Feel free to expand on this scaffold—add proper logging, schedule transcript
updates, or flesh out the UI—once youre happy with the baseline behaviour.
## Run with Docker Compose (App Only; Remote ES/Qdrant)
The provided compose file builds/runs only the Flask app and expects **remote** Elasticsearch/Qdrant endpoints. Supply them via environment variables (directly or a `.env` alongside `docker-compose.yml`):
```bash
ELASTIC_URL=https://your-es-host:9200 \
QDRANT_URL=https://your-qdrant-host:6333 \
docker compose up --build
```
Other tunables (defaults shown in compose):
- `ELASTIC_INDEX` (default `this_little_corner_py`)

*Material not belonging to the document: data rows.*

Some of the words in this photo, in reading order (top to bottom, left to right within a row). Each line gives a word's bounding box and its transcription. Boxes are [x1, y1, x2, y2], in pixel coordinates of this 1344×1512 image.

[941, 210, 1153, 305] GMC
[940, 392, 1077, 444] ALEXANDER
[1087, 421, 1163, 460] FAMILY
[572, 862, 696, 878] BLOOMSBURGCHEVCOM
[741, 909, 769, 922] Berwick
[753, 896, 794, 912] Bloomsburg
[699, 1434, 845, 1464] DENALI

- `ELASTIC_USERNAME` / `ELASTIC_PASSWORD` or `ELASTIC_API_KEY`
- `ELASTIC_VERIFY_CERTS` (set to `1` for real TLS verification)

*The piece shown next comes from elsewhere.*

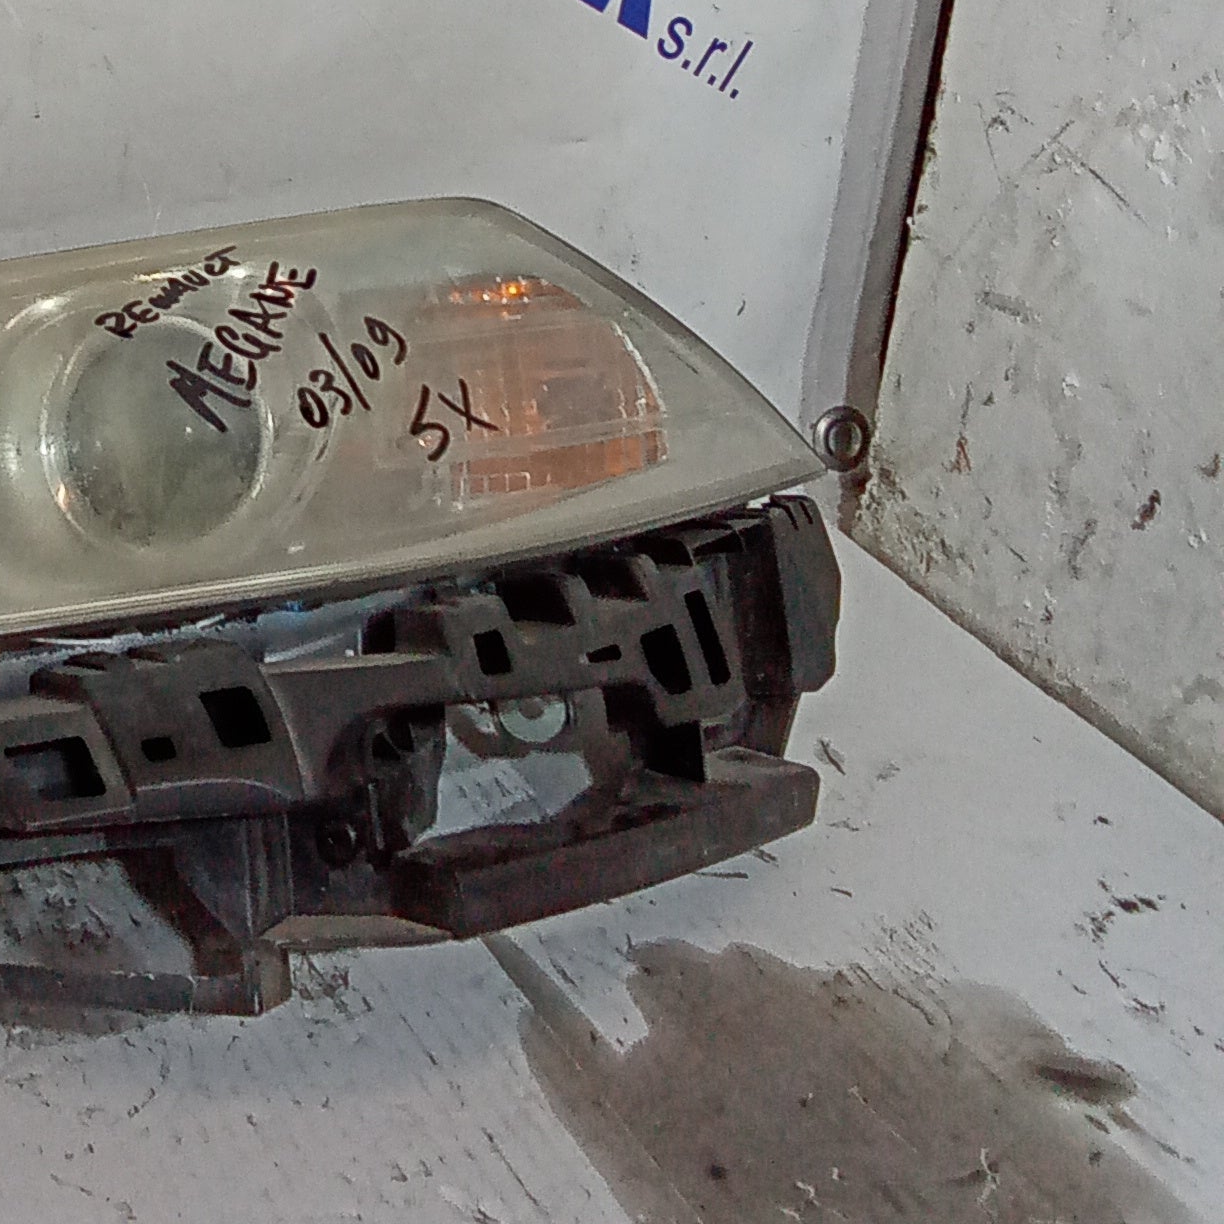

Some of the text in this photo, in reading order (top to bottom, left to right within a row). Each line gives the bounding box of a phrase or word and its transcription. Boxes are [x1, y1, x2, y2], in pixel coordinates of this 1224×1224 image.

- `QDRANT_COLLECTION` (default `tlc-captions-full`)
- `QDRANT_VECTOR_NAME` / `QDRANT_VECTOR_SIZE` / `QDRANT_EMBED_MODEL`
- `RATE_LIMIT_ENABLED` (default `1`)
- `RATE_LIMIT_REQUESTS` (default `60`)
- `RATE_LIMIT_WINDOW_SECONDS` (default `60`)
Port 8080 on the host is forwarded to the app. Mount `./data` (read-only) if you want local fallbacks for metrics (`LOCAL_DATA_DIR=/app/data/video_metadata`); otherwise the app will rely purely on the remote backends. Stop the container with `docker compose down`.
## CI (Docker build)
A Gitea Actions workflow (`.gitea/workflows/docker-build.yml`) builds and pushes the Docker image on every push to `master`. Configure the following repository secrets in Gitea:
- `DOCKER_USERNAME`
- `DOCKER_PASSWORD`
The image is tagged as `gitea.ghost.tel/knight/tlc-search:latest` and with the commit SHA. Adjust `IMAGE_NAME` in the workflow if you need a different registry/repo.